Yeah, at some point facts matter. Jefferson was pretty progressive when it came to African Americans and few modern blacks see him as representing oppression. So there's that.

As for honorary doctorates, scholarships, etc., there is a distinction between those things and monuments of confederate leaders in public squares. What, you ask? When little kids walk through a park in the South and see statues to men who enslaved their ancestors, you are telling those children some pretty offensive things. If you take those statues out of government buildings, courtrooms, and public squares, you remove the official sanction from them and stop the metaphorical slaps in the face. This is of course a point that the Jim Crow crowd understood.
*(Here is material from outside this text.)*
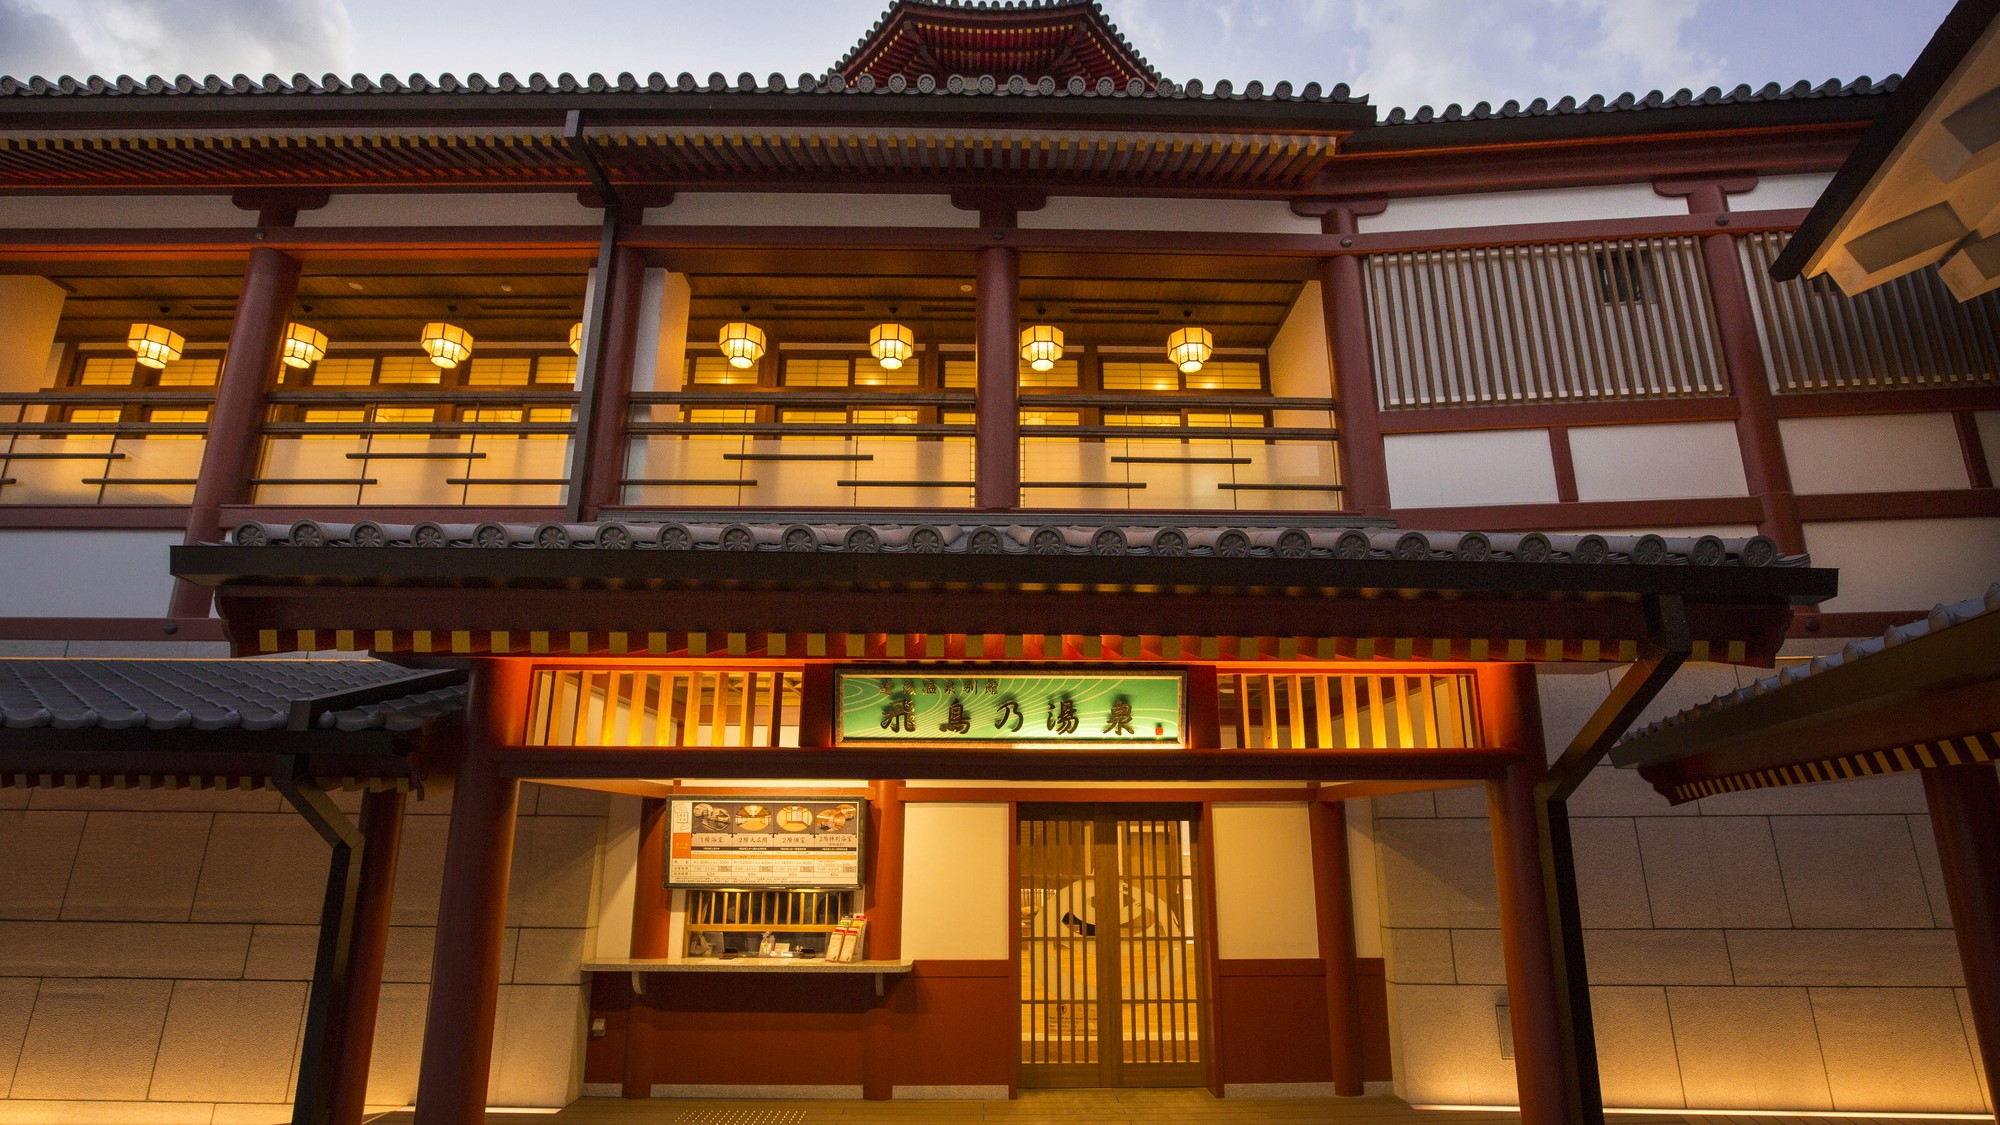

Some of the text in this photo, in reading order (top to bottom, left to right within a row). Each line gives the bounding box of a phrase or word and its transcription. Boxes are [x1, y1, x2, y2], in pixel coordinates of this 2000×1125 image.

[880, 699, 1136, 736] 飛鳥乃湯泉
They erected monuments in government places precisely to intimidate black people. So there is no parallel to "commemorative plaques, honorary doctorates, medals or scholarships."


--------------
> The USA has a lot of blood on its hands. It is the
> most warlike nation in modern history.

Sure. The US is more warlike than Hitler, Stalin, Mao, the Belgians in Africa, the Japanese in World War Two.


-------------------
> Both of
> these men caused the death of many people.

You can make that argument about Kissinger, although Lincoln did as well, which indicates that the motive and results of the deaths is a relevant consideration, one that you don't address at all. But Al Haig?? He was a two bit player who in many cases tried to undermine Kissinger's efforts. So who is the evil one: Kissinger or Haig? Or are you referring to Haig's brief and laughable stint during the Reagan administration.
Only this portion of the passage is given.